27th August 2012/in News /by Nicola Brown

This article first appeared in People Management.

Pulse Healthcare v Carewatch Care Services & others

This case involved the care package for a lady known as VF, who suffered from severe physical disabilities requiring 24 hour critical care. This care was provided by a team of 15 specially trained people, working on shifts.

From 2003 until 1 December 2010, the care package was provided by Carewatch. The five Claimants worked for Carewatch providing care for VF, and they had all signed ‘Zero Hours Contract Agreements’.

The Primary Care Trust decided to award the contract for VF’s care to a new company, Pulse, which took over from 2 December 2010.

The Claimants argued that they had been employed by Carewatch, and should therefore have transferred to Pulse under TUPE. In order for the Tribunal to decide whether TUPE applied, it had to first consider whether or not the five Claimants had been employees of Carewatch.

The Tribunal therefore looked carefully at the ‘Zero Hours Contract Agreement’. In particular, the document made several references to ‘employment’ and stated that it was a statement of particulars under the Employment Rights Act 1996. It stated that continuous service started on the date given, and contained clauses regarding salary, sickness and notice, all of which were what you would expect in a contract of employment. There was however a specific clause stating that there was no obligation on Carewatch to offer any work, and that Carewatch had the right to reduce working hours whenever necessary.

The Employment Judge therefore examined the way that things operated in practice, and considered the evidence given by the Claimants. They did have regular hours of work each week, and took time off only for holidays or sickness. One of the Claimants had been suspended on one occasion, and had been paid in full during that time.

The Tribunal found that the written contract did not reflect the reality of the situation.

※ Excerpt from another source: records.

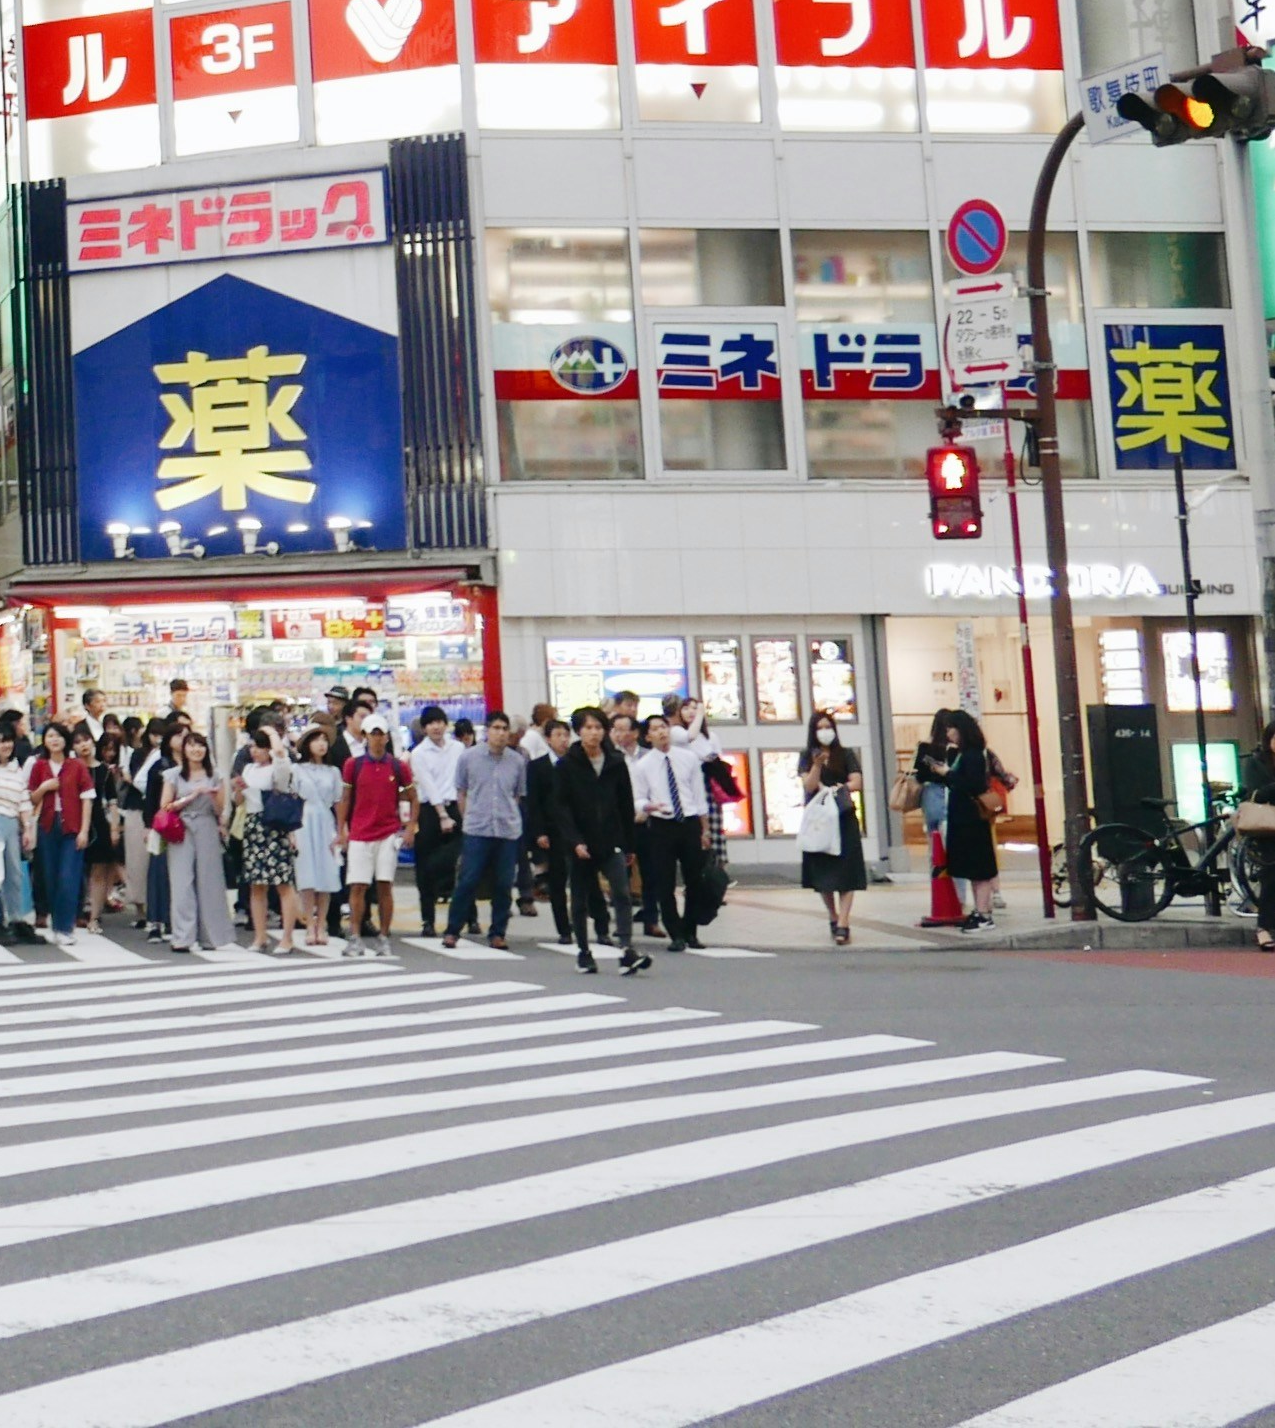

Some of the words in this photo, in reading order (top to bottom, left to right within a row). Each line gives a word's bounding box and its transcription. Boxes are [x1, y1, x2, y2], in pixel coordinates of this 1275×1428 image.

[62, 33, 127, 105] ル
[200, 22, 274, 74] 3F
[957, 310, 973, 324] 22
[153, 345, 316, 511] 薬
[1110, 341, 1228, 454] 薬
[277, 648, 302, 659] VISA

There was an agreement that Carewatch would provide work and the Claimants would carry out that work. There was a requirement for personal service, and the Claimants were under the control of Carewatch. He therefore found that the Claimants had been employees throughout.

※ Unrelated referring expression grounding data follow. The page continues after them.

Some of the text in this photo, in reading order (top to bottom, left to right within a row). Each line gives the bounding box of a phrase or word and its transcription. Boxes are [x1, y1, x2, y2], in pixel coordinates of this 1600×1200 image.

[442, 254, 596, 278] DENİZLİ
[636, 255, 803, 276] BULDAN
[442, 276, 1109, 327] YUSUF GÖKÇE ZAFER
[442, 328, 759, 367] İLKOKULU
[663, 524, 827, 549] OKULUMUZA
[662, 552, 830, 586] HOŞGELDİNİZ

Pulse appealed against this finding to the Employment Appeal Tribunal (EAT). Their argument was that it was impossible to find that there was an ‘umbrella’ contract covering all of the work that the Claimants did for Carewatch – instead, there was a succession of individual contracts covering individual shifts, with no obligation in between. They relied on the wording of the Agreements, which they said was clear – there was no obligation to offer the Claimants any work.

The EAT said that the Employment Judge had been entitled to conclude that the wording of the Zero Hours Contract Agreement did not reflect the true contractual arrangement between the parties. There had been an ‘umbrella’ contract of employment in place throughout. The care package for VF was particularly challenging, and it was vital that there was an established team of carers. It was significant that Carewatch could not have relied upon ad hoc arrangements to fulfil VF’s care package.

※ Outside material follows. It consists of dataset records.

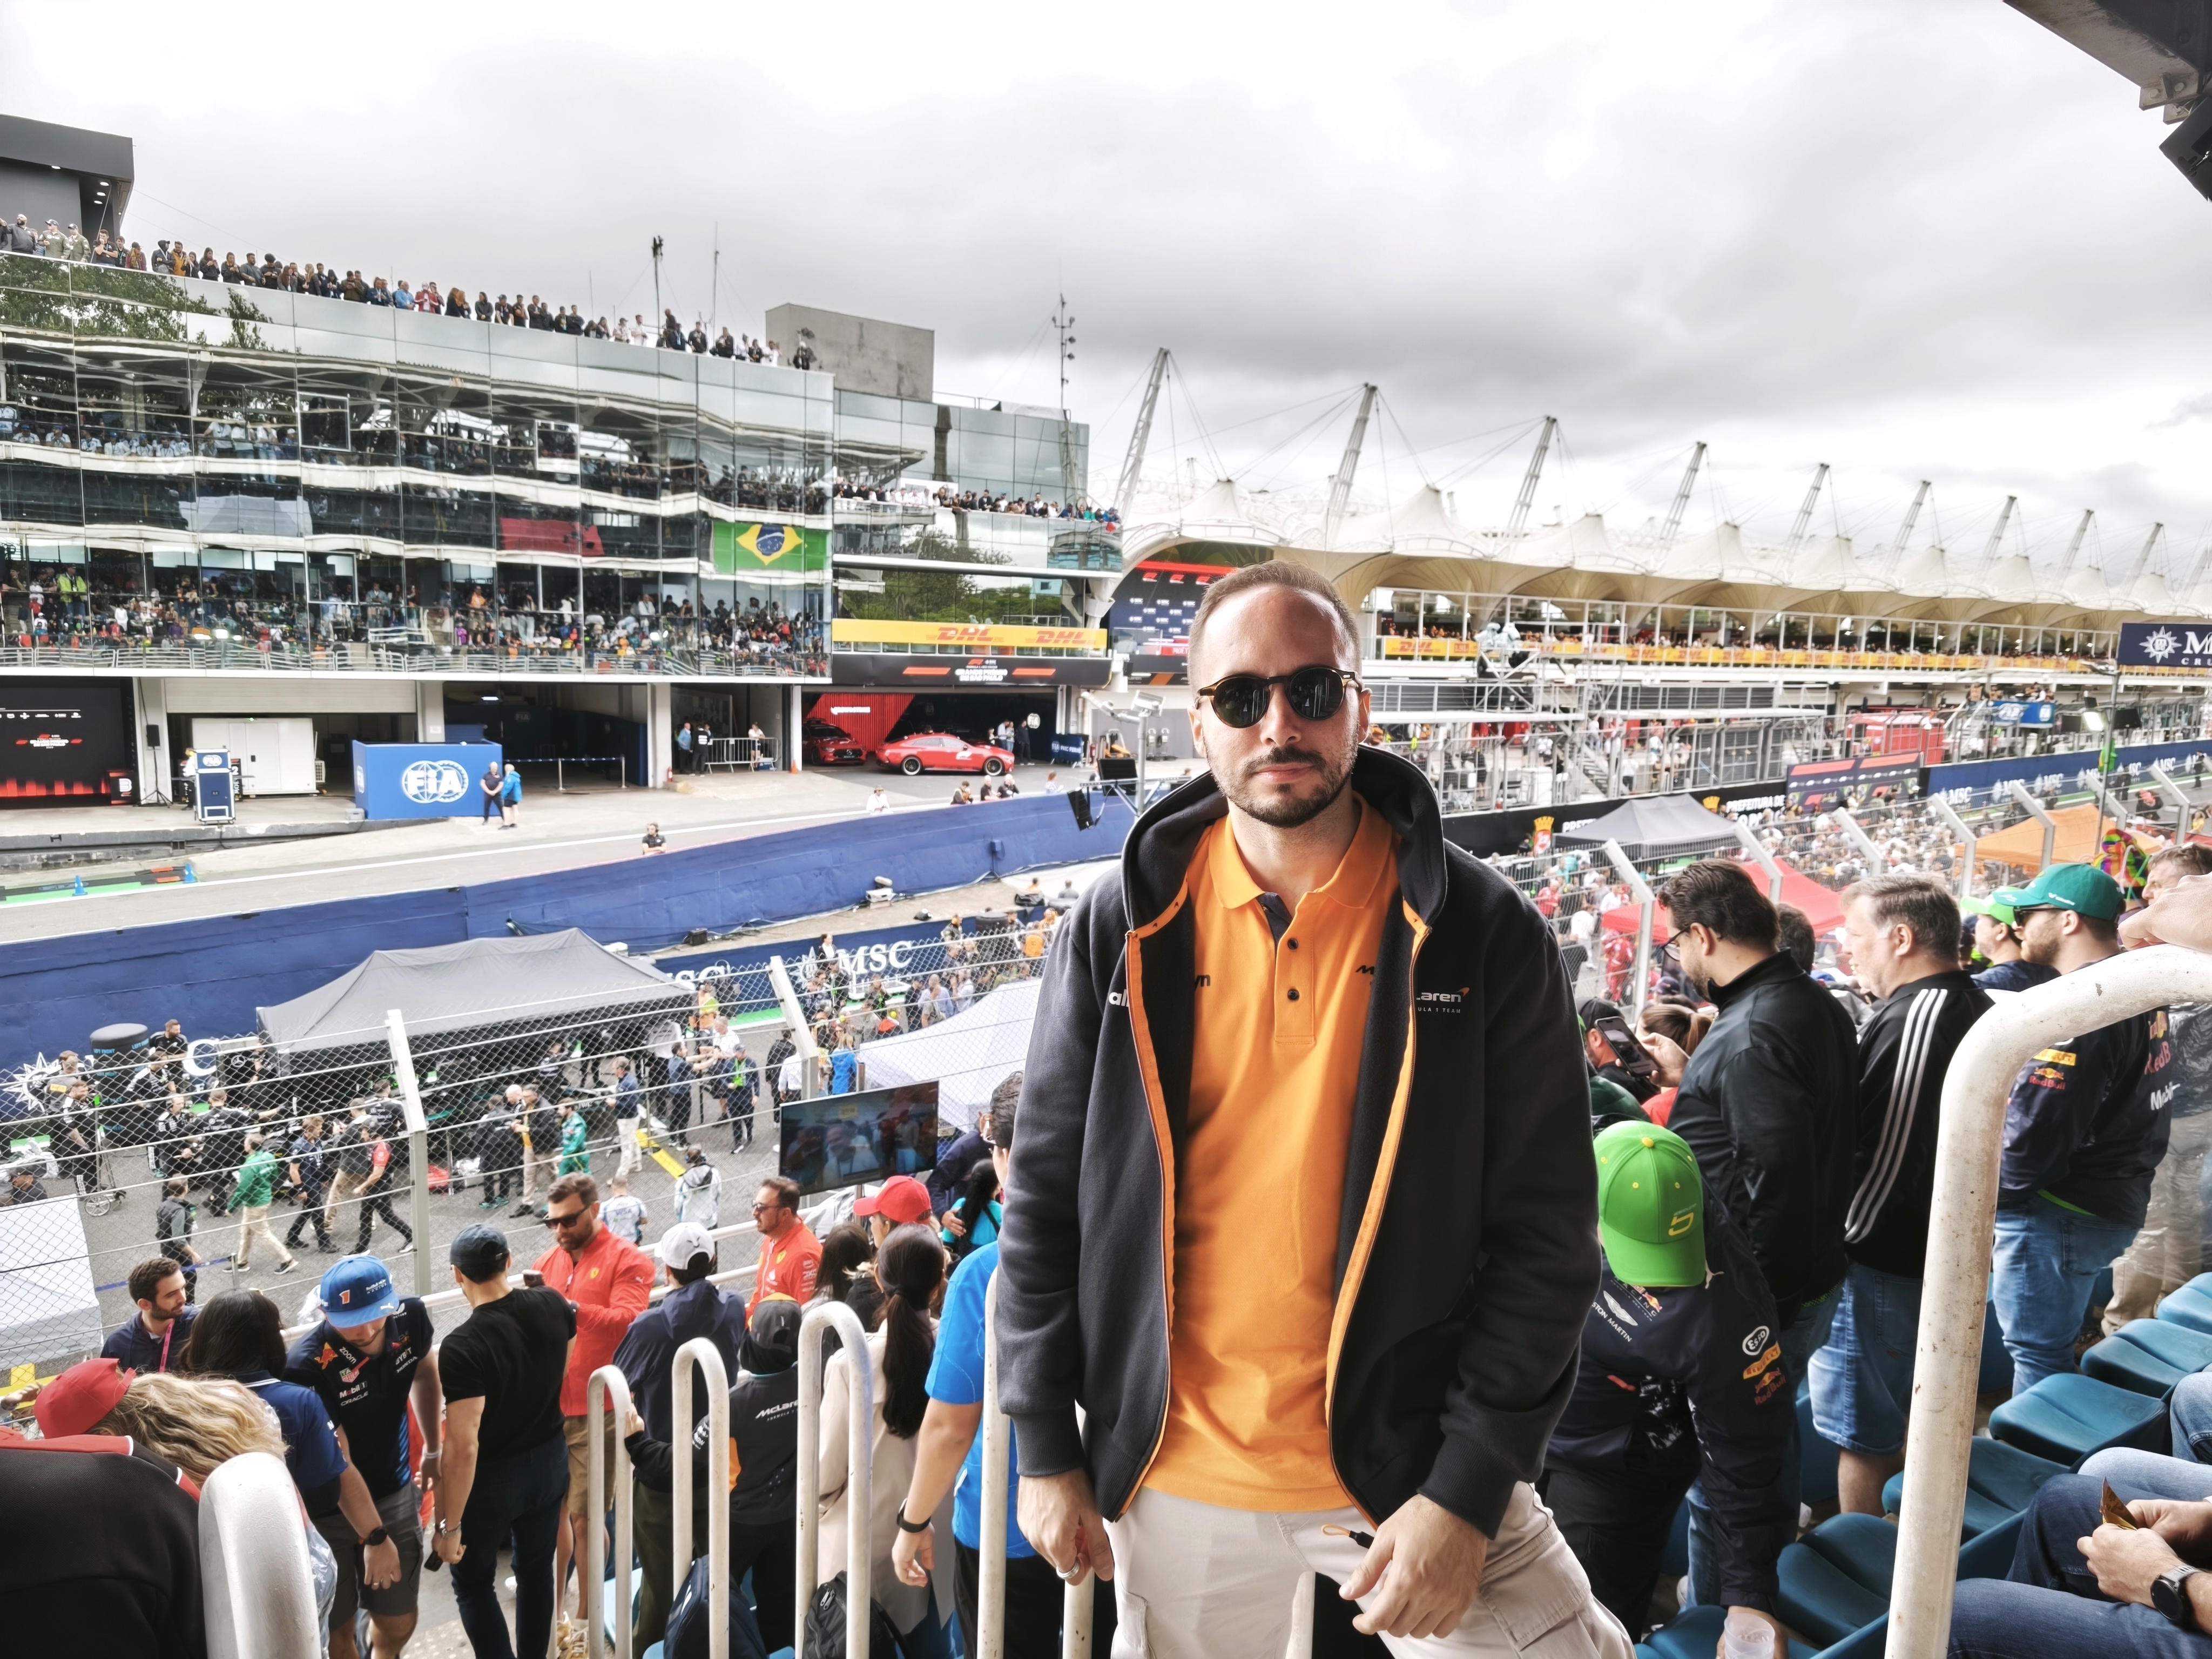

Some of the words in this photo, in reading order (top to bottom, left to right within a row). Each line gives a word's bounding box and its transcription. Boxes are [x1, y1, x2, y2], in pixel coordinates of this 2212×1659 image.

[937, 626, 994, 642] DHL
[1035, 630, 1088, 644] DHL
[1399, 642, 1434, 652] DHL
[2044, 773, 2064, 791] MSC
[1725, 796, 1773, 813] PREFEITURA
[1773, 794, 1786, 808] DE
[1948, 786, 1972, 805] MSC
[835, 940, 913, 975] MSC
[339, 1290, 350, 1304] 1
[1607, 1318, 1633, 1343] MARTIN
[339, 1346, 357, 1365] zoom
[396, 1355, 418, 1373] HONDA
[339, 1384, 360, 1399] Mobil
[341, 1391, 368, 1406] ORACLE

The claims were then sent back to the Employment Tribunal to determine the other issues in the case.

This case is yet another reminder that the name given to an arrangement cannot change the reality of the situation. As we have seen with the recent cases about those who are labelled ‘self-employed’, the Tribunals are prepared to look behind the drafting of any agreement between the parties and examine what actually happens.

Zero hours or ‘bank’ arrangements are very common, and can be a valuable source of flexible labour. However, where these arrangements are used on a regular and/or long-term basis, workers may develop unintended contractual entitlements, so it is always best to keep arrangements under review and ensure that the documentation reflects the true relationship between the parties.

Do you operate a zero hours arrangement? We can help draft appropriate agreements and can also review matters for you to assess your risk following the Pulse case.  Please call us on 01243 836840 for a no obligation chat or email us at [email protected].

Please note that this update is not intended to be exhaustive or be a substitute for legal advice. The application of the law in this area will often depend upon the specific facts and you are advised to seek specific advice on any given scenario.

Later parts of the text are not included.